Combine that with a 20% increase in clock speed and a 66% faster
system bus... Also, if I understand the whole "dual bus" idea
properly (ie 2 buses with 2 CPUs connected to each one in a 4P system
vs. 4 processors on a single bus in a traditional Xeon system) I think
this could make up for a lot of the difference as well. This is
exactly how Intel's new E8500 chipset's "dual bus" design operates as
well.

A nice chipset to be sure, but I think people are singing the praises
a bit too much and too soon. My guess is that it's only going to end
up being no more than 5% faster than Intel's new E8500 chipset. Sure,
it's a hell of a lot faster than the previous generation of
chipset/processor combination, but it's how this compares to current
chipset/processor combos that matters. IBM just happened to be first
out the door with benchmarks this time around, but I expect others to
follow suit soon enough.
 
If it's remotely accurate, then yes. Unfortunately they really didn't
provide any context for this. Is this in comparison to the previous
IBM chipset? And is this just straight latency to memory for a single
chip on a single access or some sort of average? If it's just
straight latency than the original 265ns number was pretty weak to
begin with, Intel's latest desktop chipsets are down under 100ns and
their servers should be somewhere around 130-150ns (though I haven't
seen many tests for the latter).
Since the quote didn't provide nearly enough information to interpret
the latency claims as absolute numbers, I was careful to characterize
it as a measure of relative latency. I'm assuming that IBM would have
the integrity to do an apples-to-apples comparison with their own
hardware, no matter what the absolute numbers may mean. Were the
project manager in marketing, he might have been shrewd enough to say
that they shaved over a hundred nanoseconds off the chipset latency.
I'd be reluctant to say that IBM server chipsets had high latency for
server chipsets based on that soundbyte. You can do as you please,
but see another comparison to a previous Summit generation below.
64-bit support should offer about a 10% improvement all on it's own.
Combine that with a 20% increase in clock speed and a 66% faster
system bus... Also, if I understand the whole "dual bus" idea
properly (ie 2 buses with 2 CPUs connected to each one in a 4P system
vs. 4 processors on a single bus in a traditional Xeon system) I think
this could make up for a lot of the difference as well. This is
exactly how Intel's new E8500 chipset's "dual bus" design operates as
well.
I'd be surprised to learn that server applications are driving
frontside bus bandwidth requirements.
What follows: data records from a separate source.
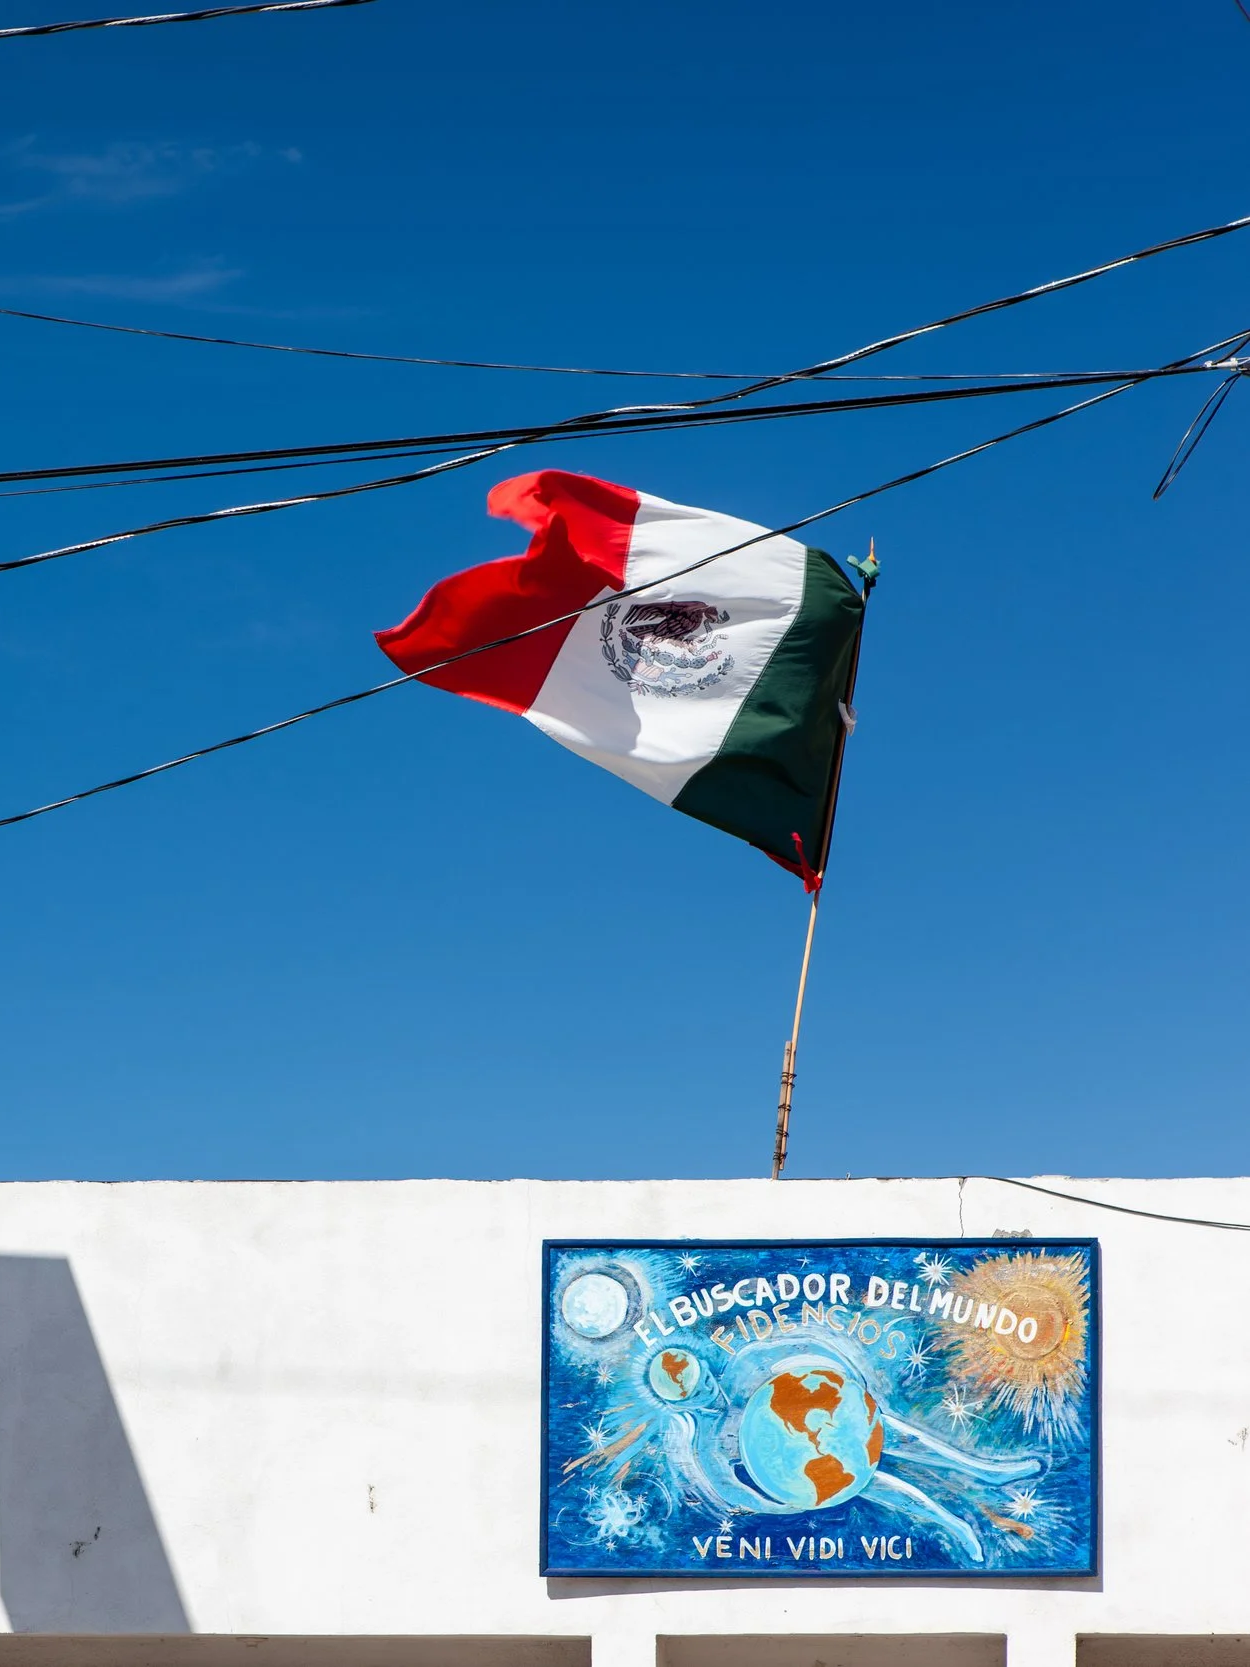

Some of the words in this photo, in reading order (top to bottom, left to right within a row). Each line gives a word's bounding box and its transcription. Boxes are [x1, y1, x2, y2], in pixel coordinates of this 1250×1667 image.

[634, 1311, 676, 1349] EL
[669, 1273, 851, 1328] BUSCADOR
[865, 1275, 922, 1313] DEL
[929, 1288, 1039, 1344] MUNDO
[709, 1300, 907, 1360] FIDENCIO'S
[692, 1535, 771, 1561] VENI
[786, 1535, 844, 1561] VIDI
[860, 1535, 912, 1560] VICI
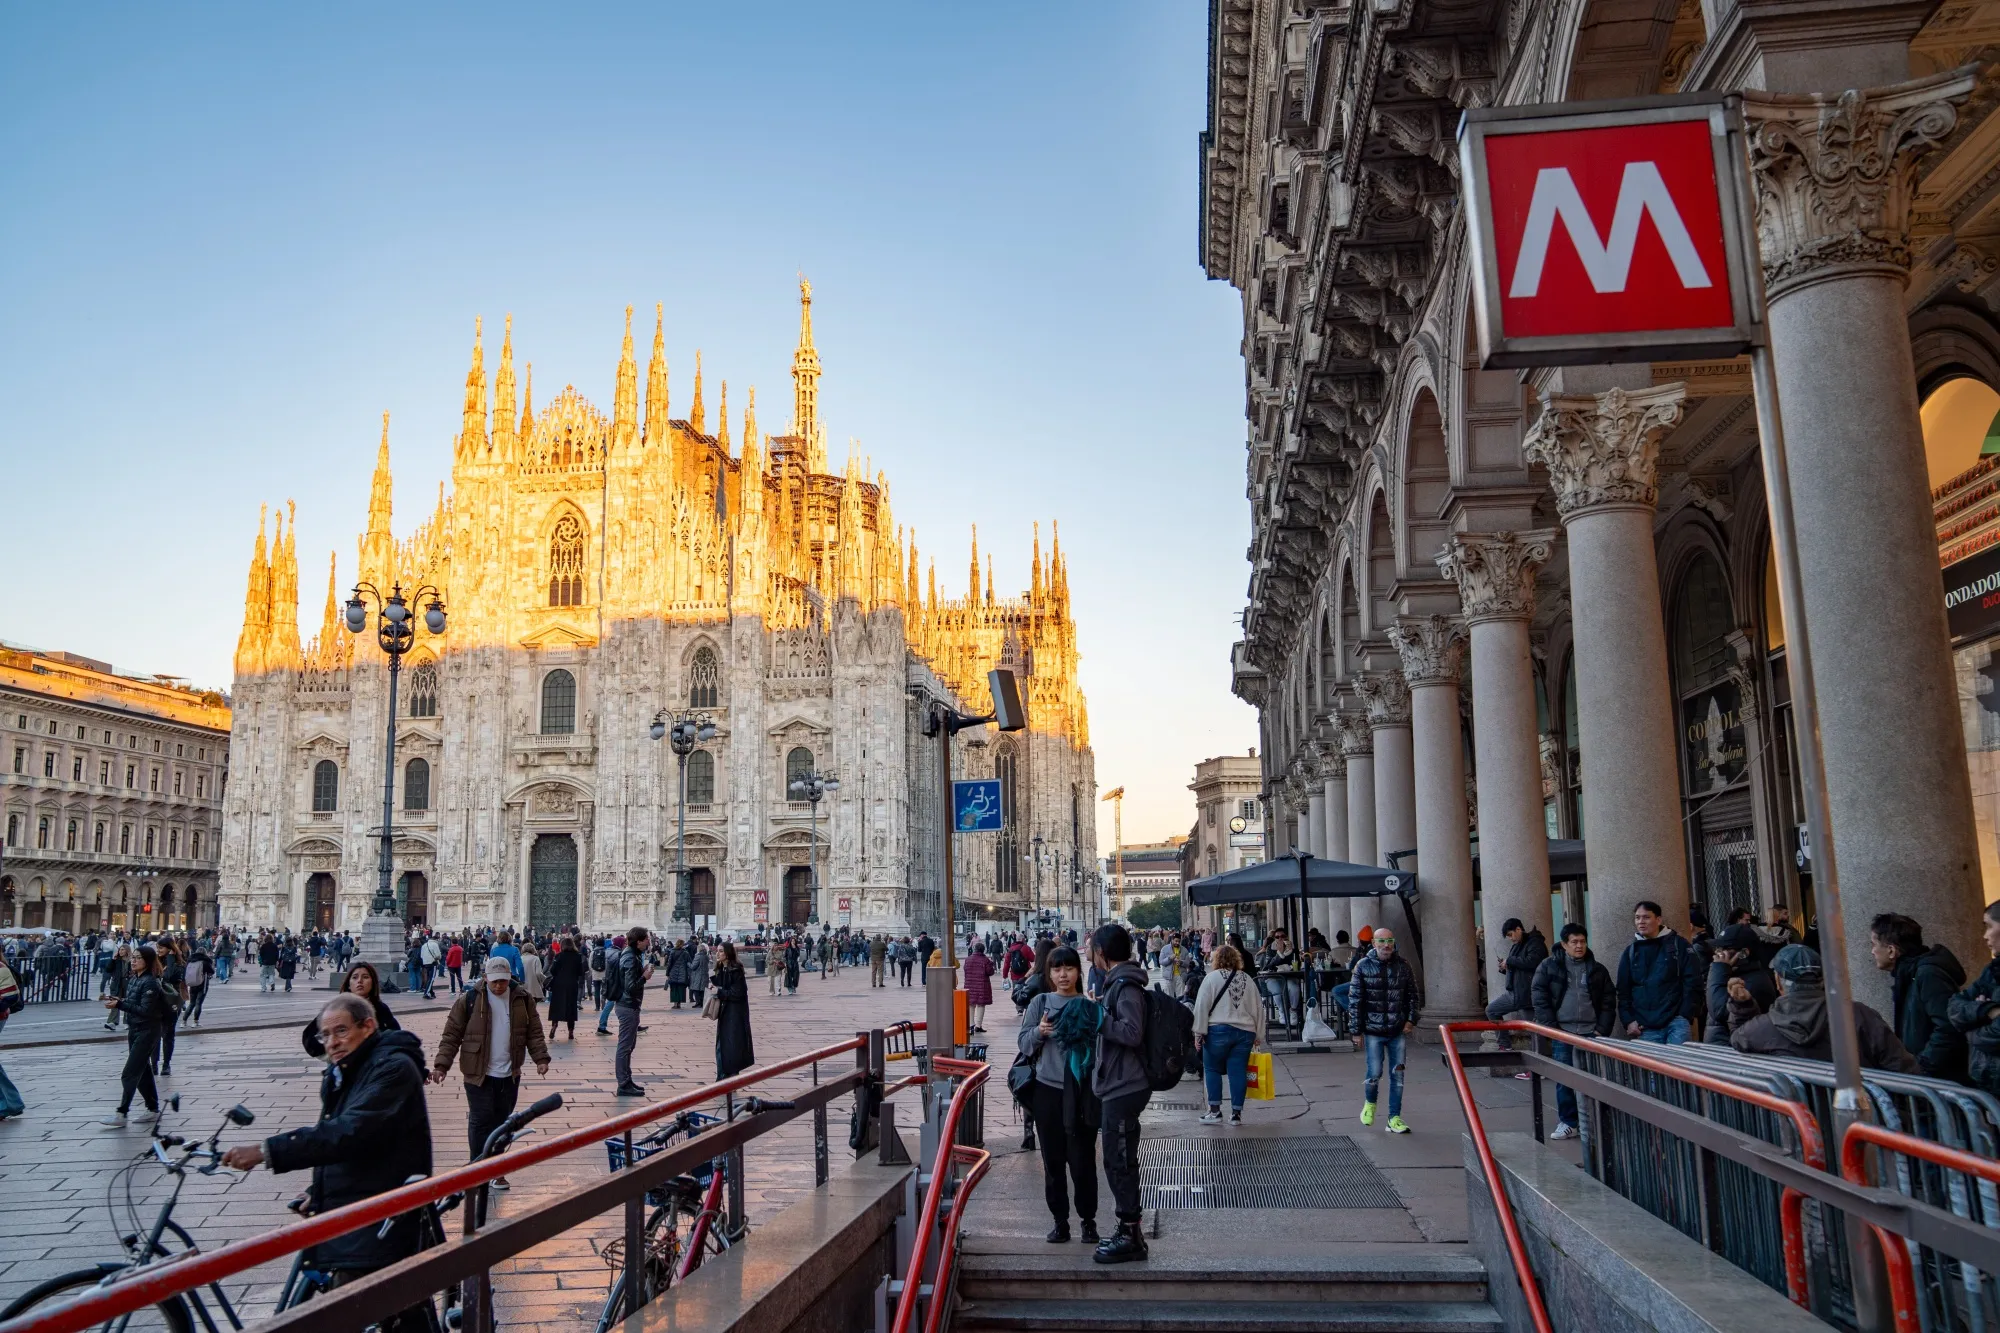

One of the reasons you can get
away with hanging so much hardware off a frontside bus in server
applications is that server CPU's spend so much of their time stalled
for memory--a latency, not a bandwidth, problem. Predictable,
computationally-intensive calculations are typically the most
demanding of bandwidth.
A nice chipset to be sure, but I think people are singing the praises
a bit too much and too soon. My guess is that it's only going to end
up being no more than 5% faster than Intel's new E8500 chipset. Sure,
it's a hell of a lot faster than the previous generation of
chipset/processor combination, but it's how this compares to current
chipset/processor combos that matters. IBM just happened to be first
out the door with benchmarks this time around, but I expect others to
follow suit soon enough.
IBM may have taken a lesson from HP:

http://www.lostcircuits.com/tradeshow/idf_2002/4.shtml

<quote>

The server market with its higher longevity of equipment was hurt even
worse than the desktop market, in addition, the platforms available
for the IPF were designed for future scalability and expandability and
somewhat missed the current economic requirements. Examples are the
i870 and the IBM EXA (Summit) chipsets geared towards the very
high-end and comparable with 80,000 lbs trucks. To drop a bomb into
this scenario, Hewlett Packard showcased their zx1, comparable with a
high performance street bike to outrun the competition before they
even know what hit them.

The concept is fairly simple. Take the IPF 64 bit architecture, pare
it free of all excessive fat and provide a platform suitable for both
IA64 as well as for the IPF-compatible PA-RISC processor line.
Features trimmed off comprise the 32 MB L4 cache (IBM EXA), Memory
Mirroring to ensure hot-swapping of DIMMs and x-way scalability. The
result is an up to 4-way scalable platform with enhanced ECC or rather
memory protection to allow Chip Kill. Heart of the chipset is the zx1
Memory & I/O controller featuring eight I/O links to PCI and PCI-X as
well as AGP-4X (to be upgraded to AGP-8X). On the other side, the zx1
controller offers links to no less than 12 memory expander chips
capable of handling up to 64 DIMMs for 128 GB of system memory. Memory
bandwidth scales from 8.5 GB/s in direct-attached designs (without the
optional expanders) to 12.8 GB/s using the expander chips that further
act like registers to decrease the signal load on the memory bus.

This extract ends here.